The ability of cancer cells to survive microenvironmental stresses is critical for tumor progression and metastasis; however, how they survive these challenges is not fully understood. Here, we describe a novel multiprotein complex (DockTOR) essential for the survival of cancer cells under stress, triggered by the GTPase Cdc42 and a signaling partner Dock7, which includes AKT, mTOR, and the mTOR regulators TSC1, TSC2, and Rheb. DockTOR enables cancer cells to maintain a low but critical mTORC2-dependent phosphorylation of AKT during serum deprivation by preventing AKT dephosphorylation through an interaction between phospho-AKT and the Dock7 DHR1 domain.
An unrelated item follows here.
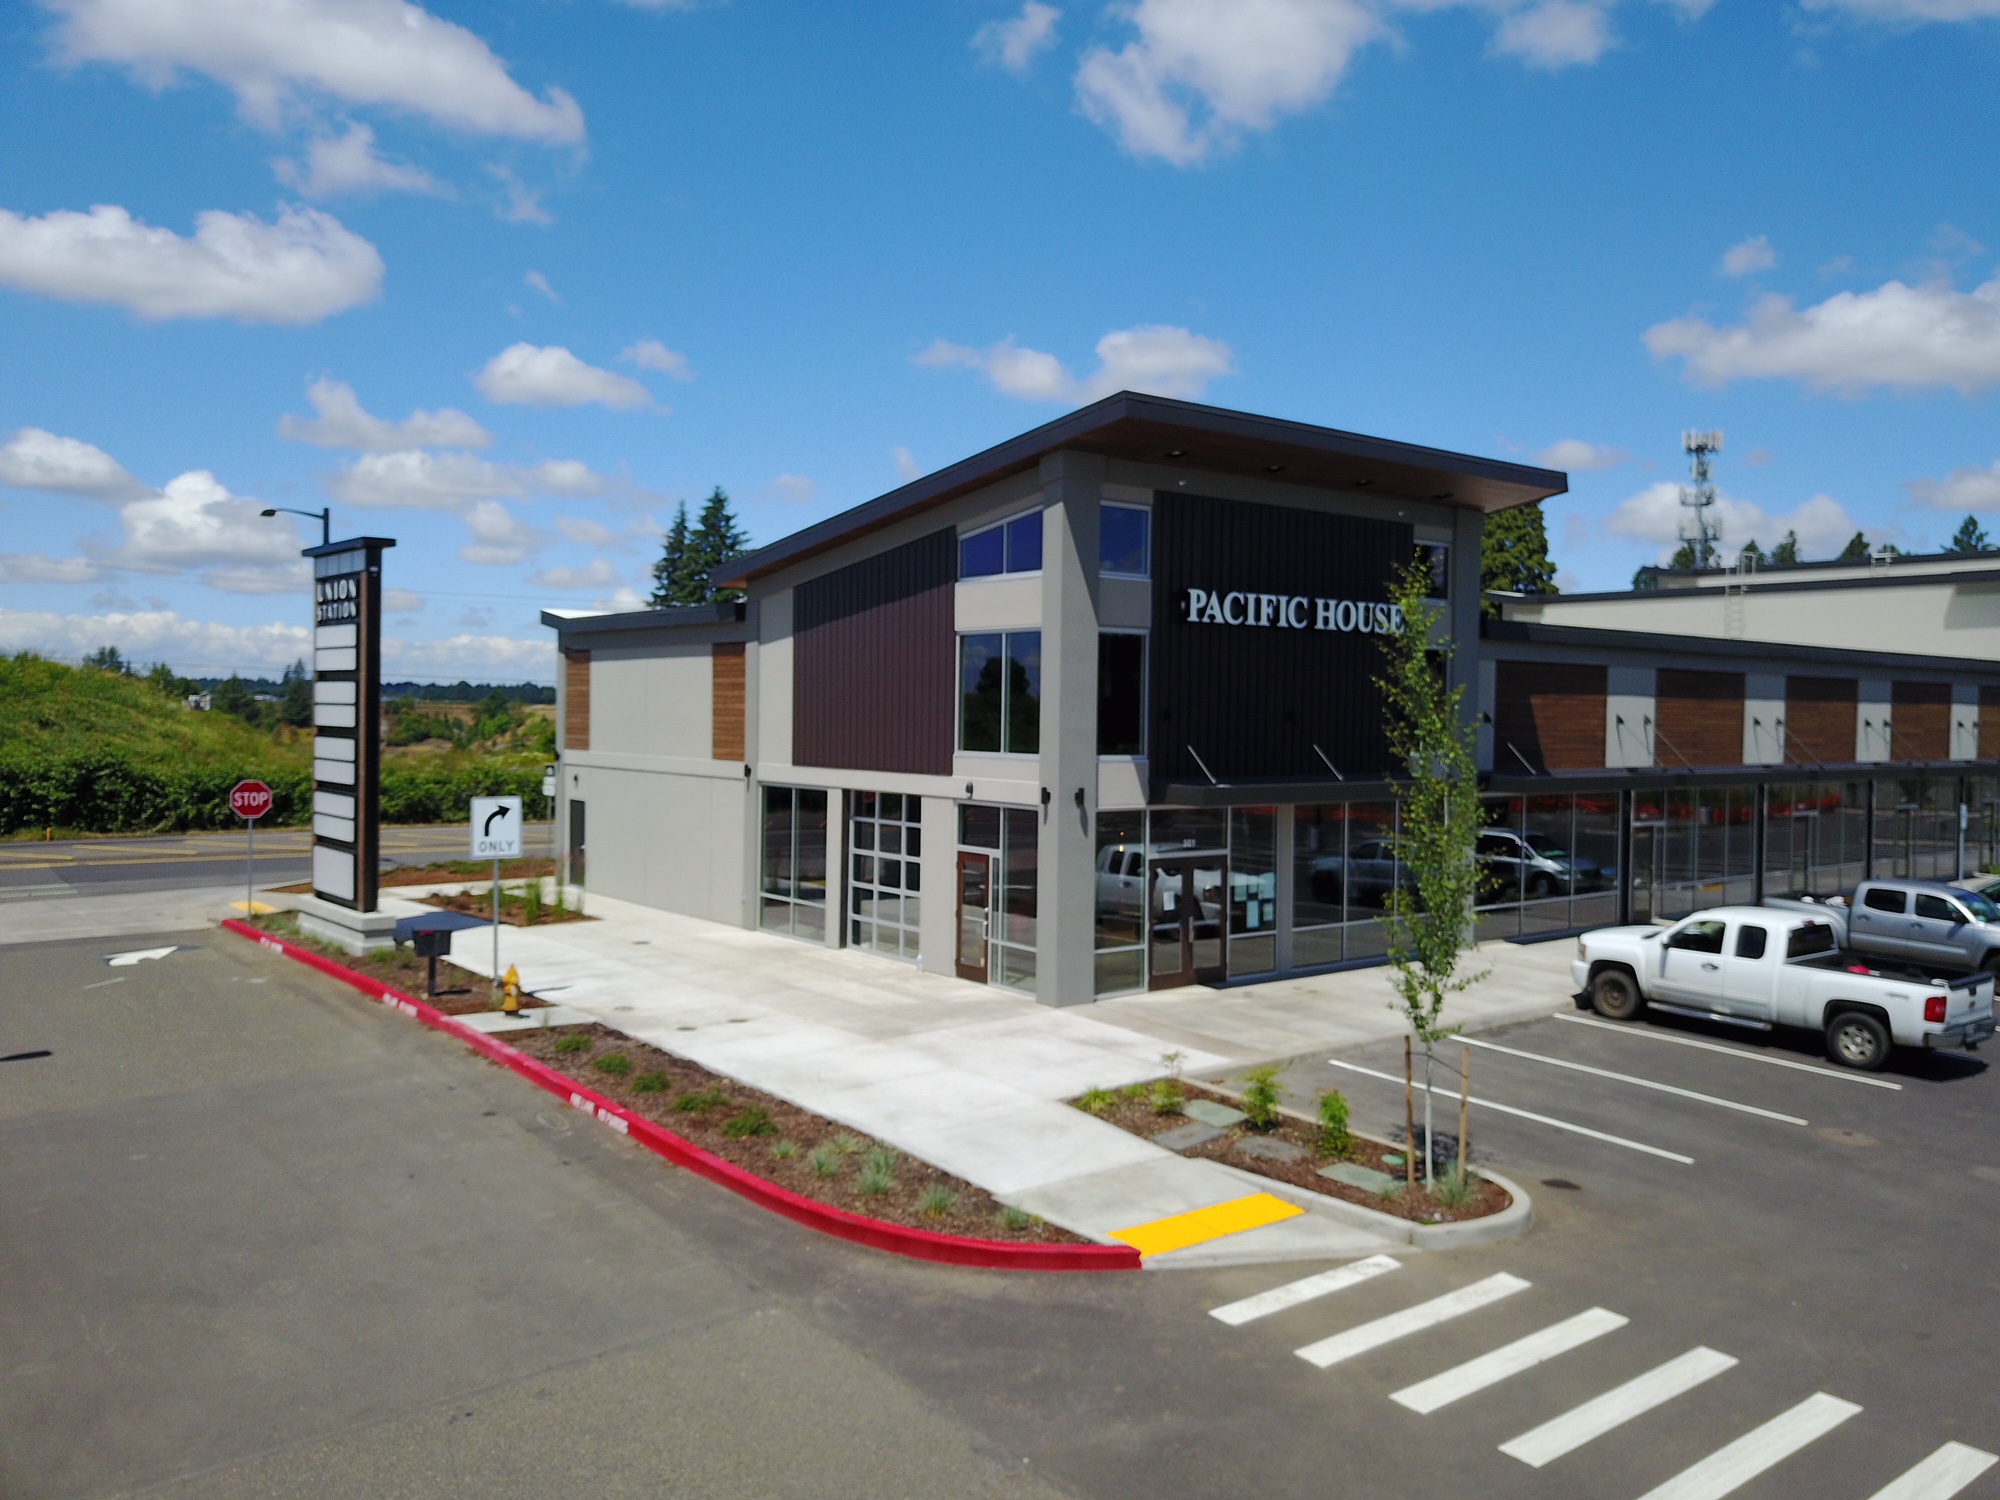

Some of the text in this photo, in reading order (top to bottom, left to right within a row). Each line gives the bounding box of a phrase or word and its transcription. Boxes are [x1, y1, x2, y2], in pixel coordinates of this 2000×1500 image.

This activity stimulates a Raptor-independent but Rapamycin-sensitive mTOR/S6K activity necessary for survival. These findings address long-standing questions of how Cdc42 signals result in mTOR activation and demonstrate how cancer cells survive conditions when growth factor-dependent activation of mTORC1 is off. Determining how cancer cells survive stress conditions could identify vulnerabilities that lead to new therapeutic strategies.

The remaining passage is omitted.